## GIVEN DATA

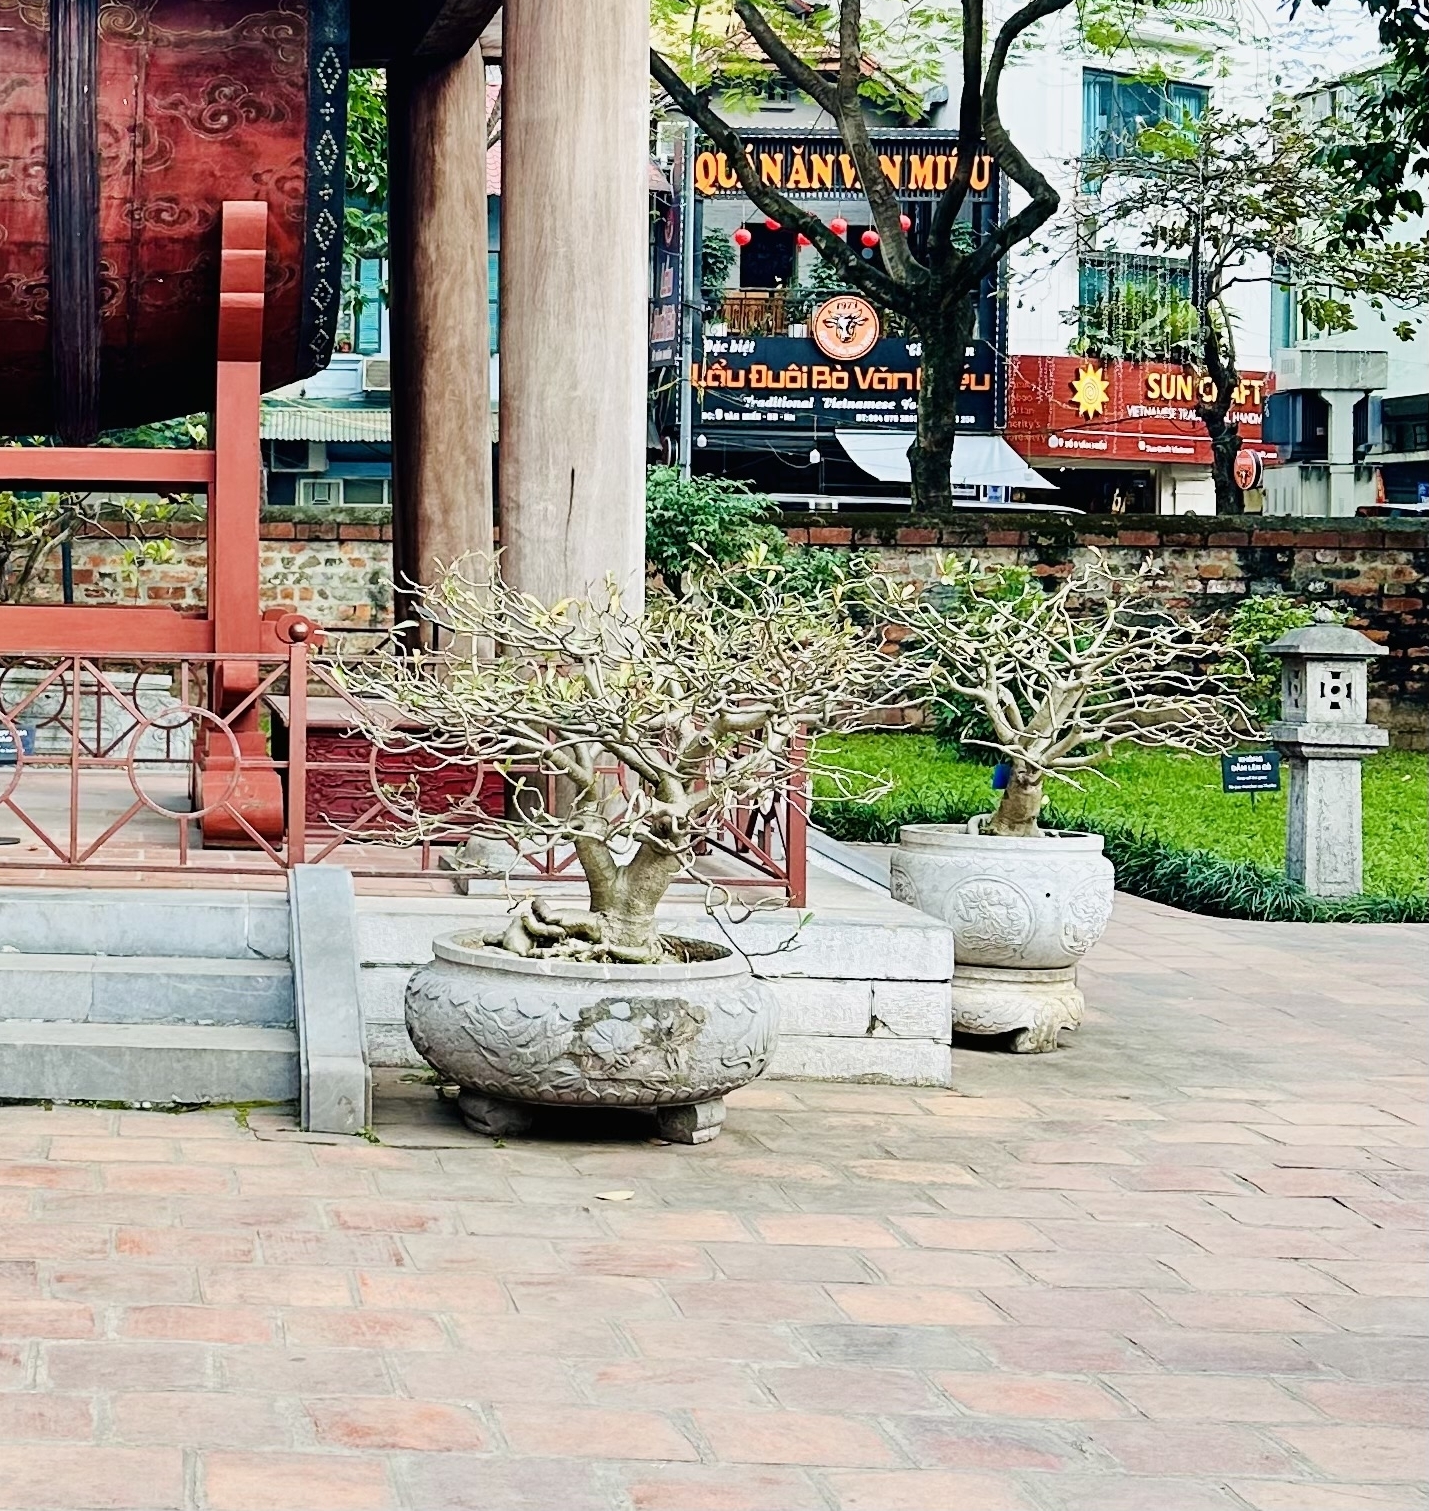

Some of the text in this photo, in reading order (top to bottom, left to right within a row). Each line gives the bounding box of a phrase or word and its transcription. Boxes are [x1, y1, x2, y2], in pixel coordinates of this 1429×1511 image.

[786, 145, 835, 190] ĂN
[838, 153, 903, 190] VN
[749, 363, 808, 389] Đuôi
[812, 364, 849, 389] Bò
[854, 366, 913, 390] Văn
[1147, 372, 1264, 405] SUN CAFT
[742, 394, 815, 409] Traditional
[821, 396, 897, 410] Vietnamese

## WHAT YOU NEED TO DO
The records above should be reproduced exactly, with no pictures included.

## SOLUTION
Some of the text in this photo, in reading order (top to bottom, left to right within a row). Each line gives the bounding box of a phrase or word and its transcription. Boxes are [x1, y1, x2, y2], in pixel coordinates of this 1429×1511 image.

[786, 145, 835, 190] ĂN
[838, 153, 903, 190] VN
[749, 363, 808, 389] Đuôi
[812, 364, 849, 389] Bò
[854, 366, 913, 390] Văn
[1147, 372, 1264, 405] SUN CAFT
[742, 394, 815, 409] Traditional
[821, 396, 897, 410] Vietnamese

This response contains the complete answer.